▶ _Records from a data collection_:
---------------
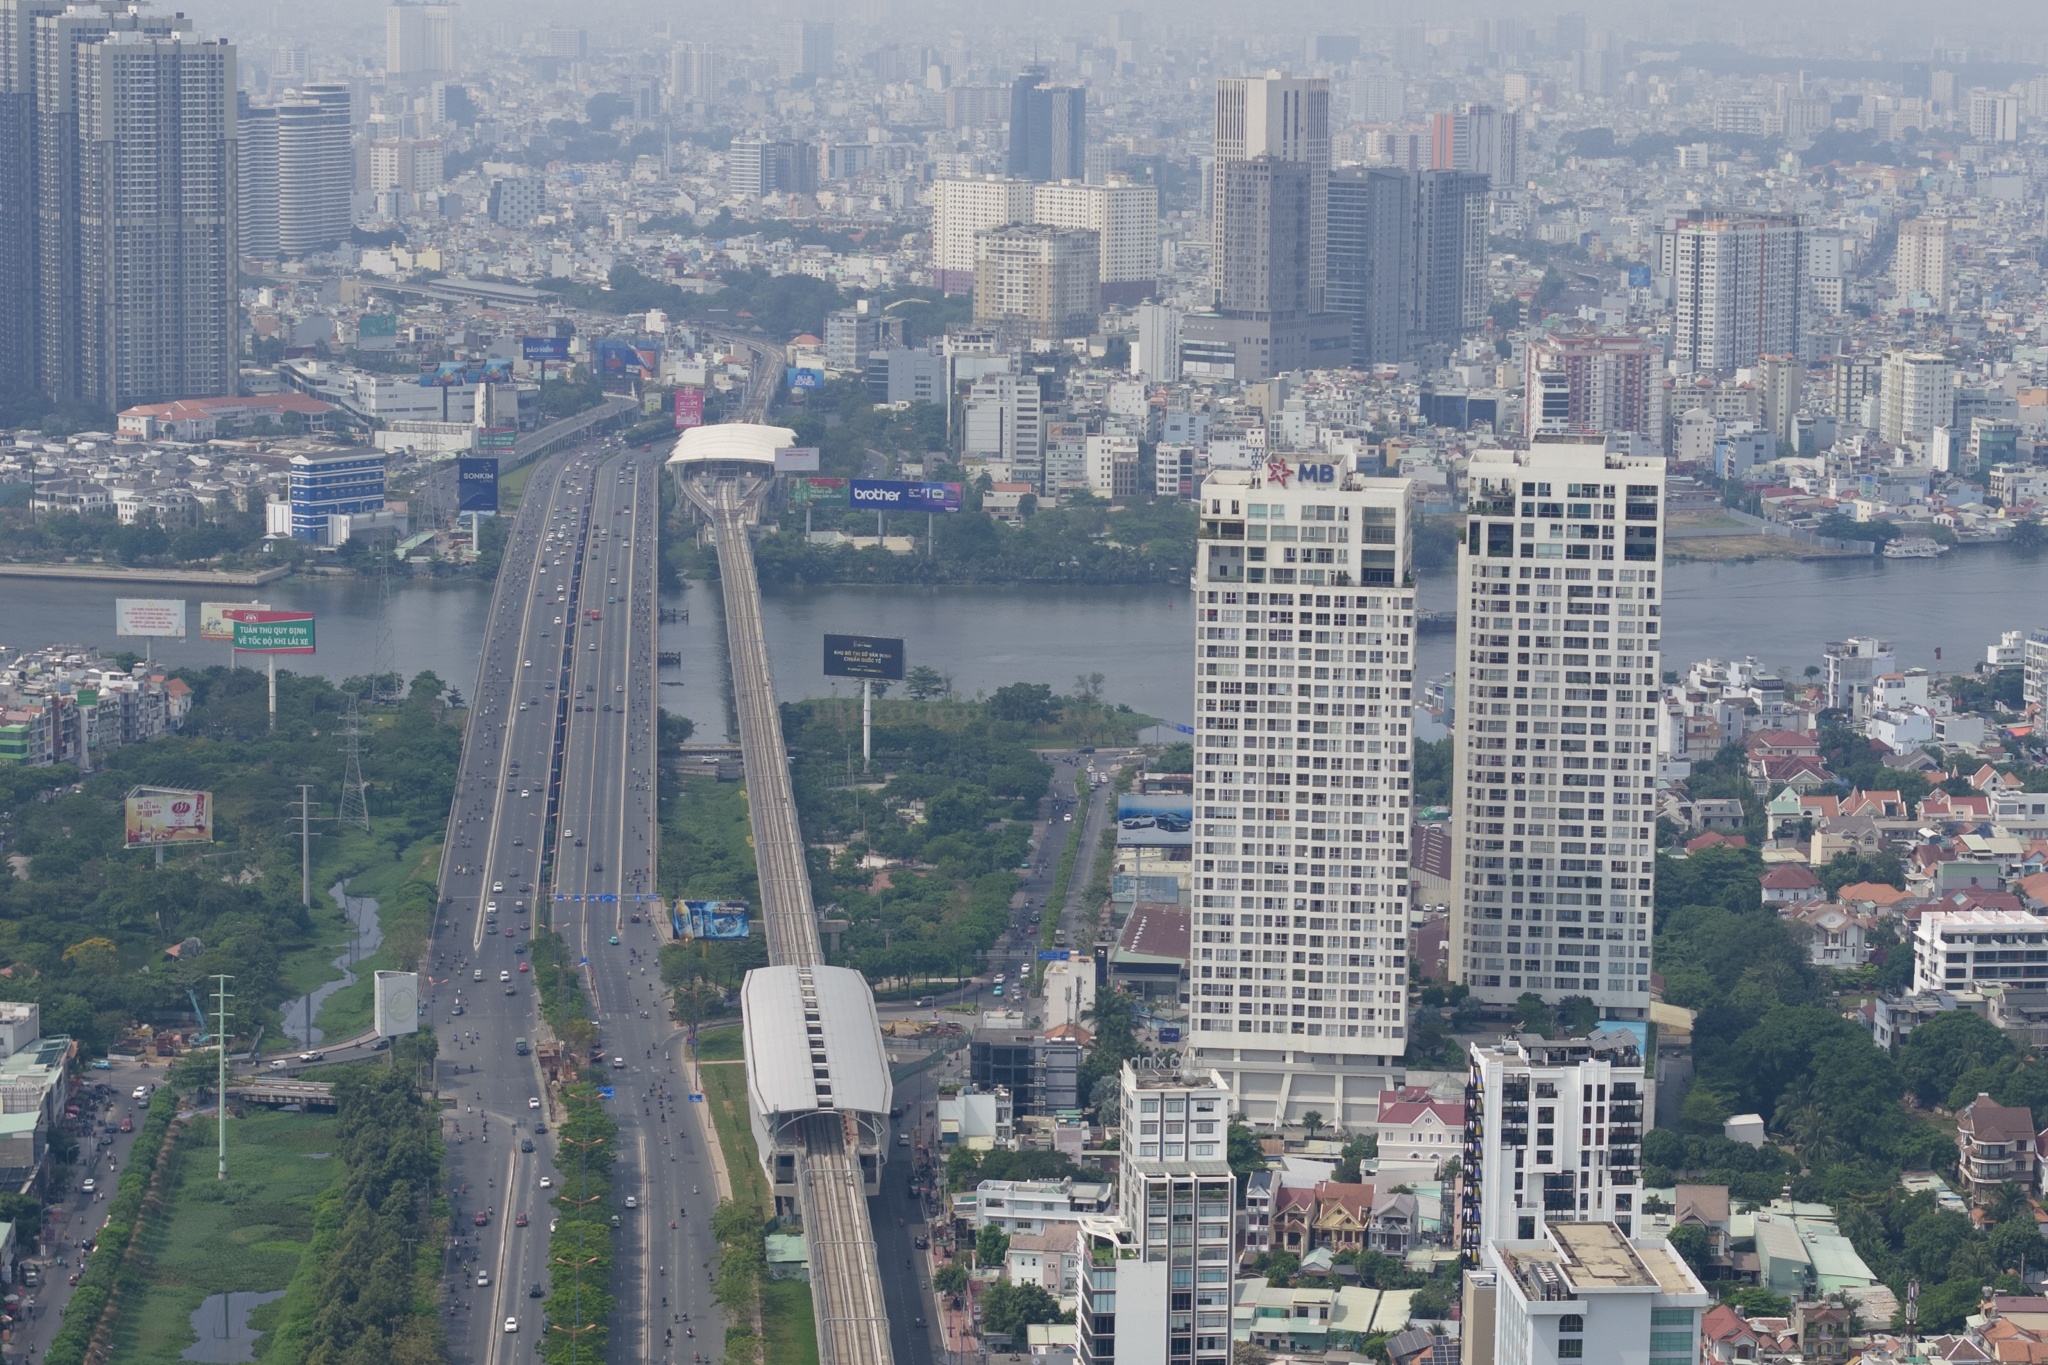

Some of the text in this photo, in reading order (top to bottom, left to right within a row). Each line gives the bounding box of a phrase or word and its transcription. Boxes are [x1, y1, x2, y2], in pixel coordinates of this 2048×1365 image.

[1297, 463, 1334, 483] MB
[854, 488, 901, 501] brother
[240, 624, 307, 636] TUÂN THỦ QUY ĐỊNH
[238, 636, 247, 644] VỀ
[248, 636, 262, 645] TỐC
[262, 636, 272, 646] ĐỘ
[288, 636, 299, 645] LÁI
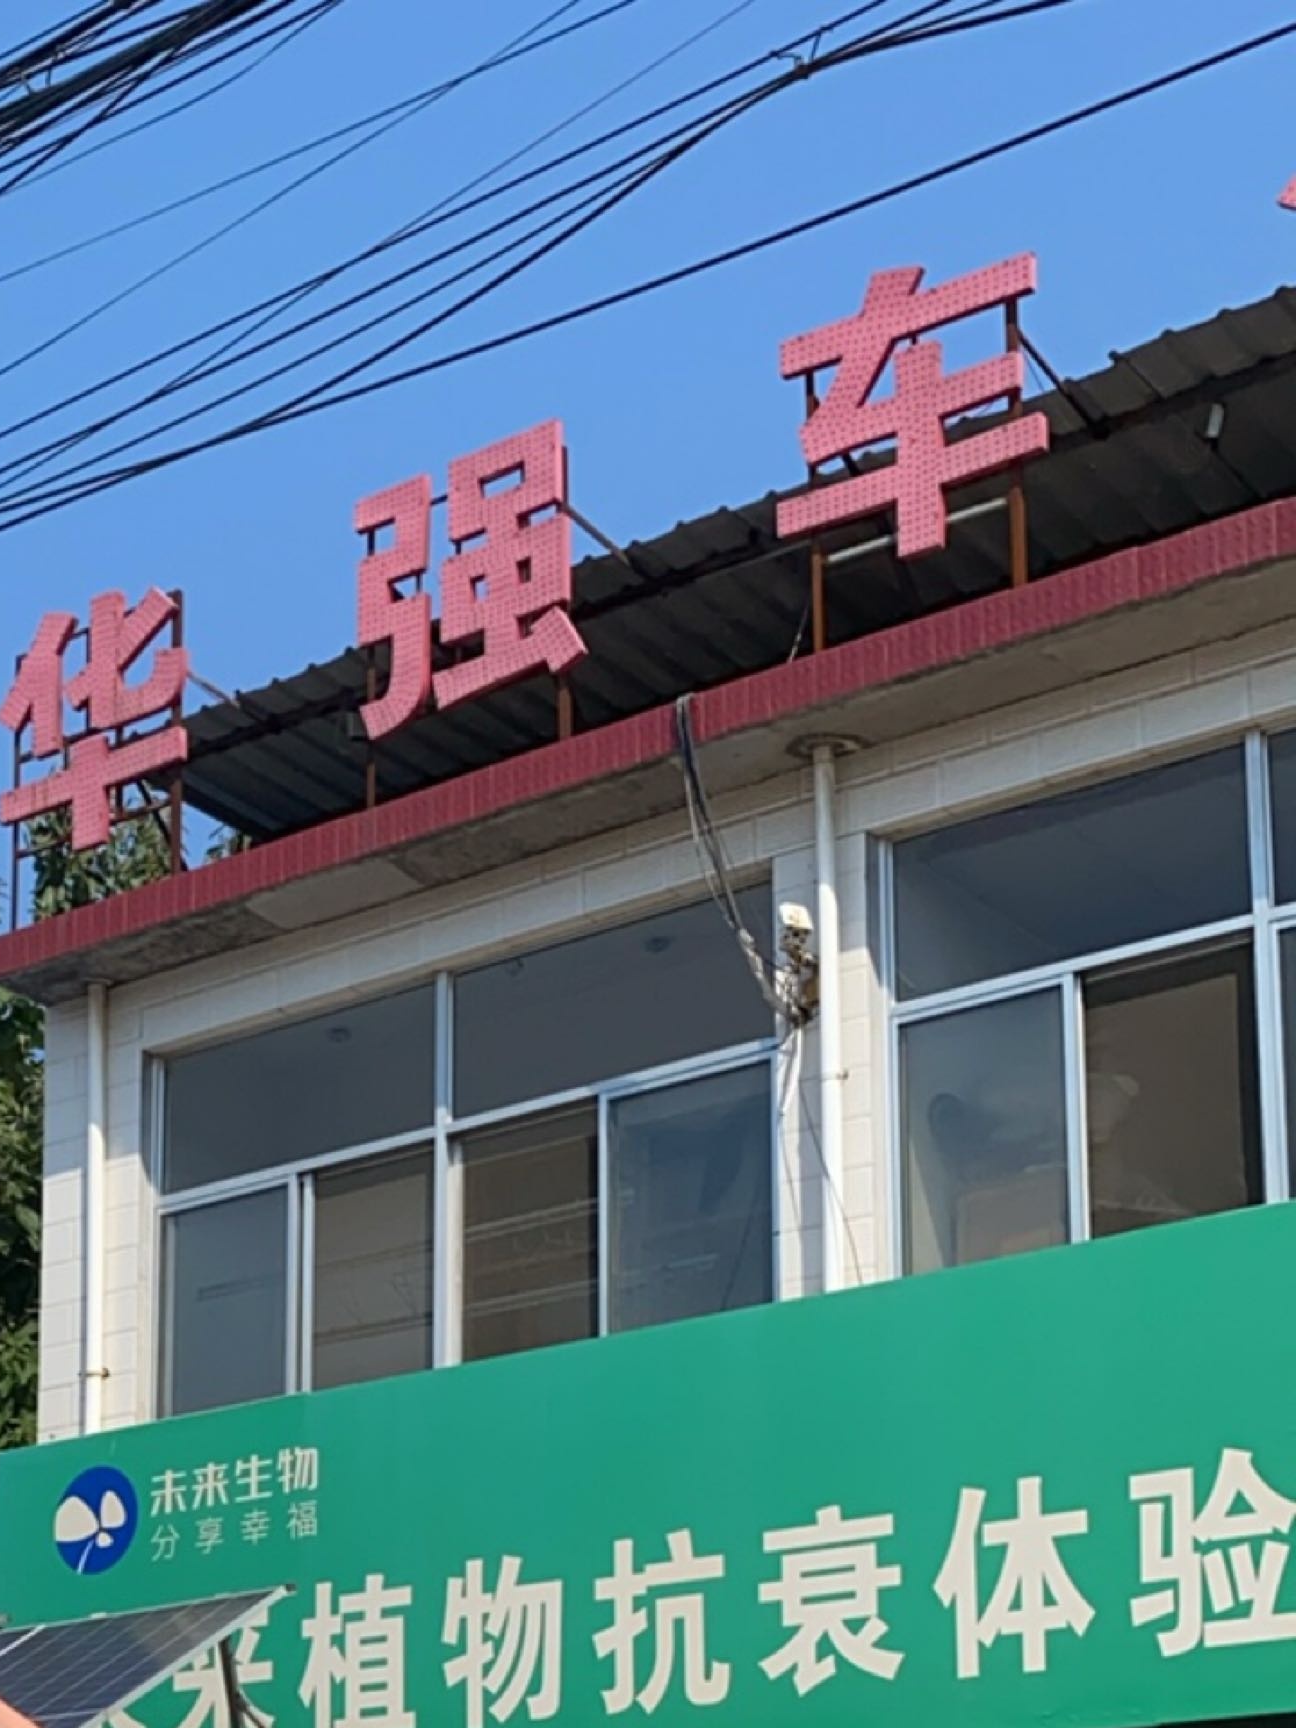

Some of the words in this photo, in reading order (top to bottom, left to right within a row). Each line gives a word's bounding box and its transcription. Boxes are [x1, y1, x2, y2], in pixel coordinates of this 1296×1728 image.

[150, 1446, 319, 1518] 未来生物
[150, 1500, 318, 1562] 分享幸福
---------------
▶ _ABOUT THIS TASK_:
Excluding the pictures, output every entry above without alteration.

▶ _THE COMPLETED TASK_:
Some of the text in this photo, in reading order (top to bottom, left to right within a row). Each line gives the bounding box of a phrase or word and its transcription. Boxes are [x1, y1, x2, y2], in pixel coordinates of this 2048×1365 image.

[1297, 463, 1334, 483] MB
[854, 488, 901, 501] brother
[240, 624, 307, 636] TUÂN THỦ QUY ĐỊNH
[238, 636, 247, 644] VỀ
[248, 636, 262, 645] TỐC
[262, 636, 272, 646] ĐỘ
[288, 636, 299, 645] LÁI

Some of the words in this photo, in reading order (top to bottom, left to right within a row). Each line gives a word's bounding box and its transcription. Boxes are [x1, y1, x2, y2], in pixel coordinates of this 1296×1728 image.

[150, 1446, 319, 1518] 未来生物
[150, 1500, 318, 1562] 分享幸福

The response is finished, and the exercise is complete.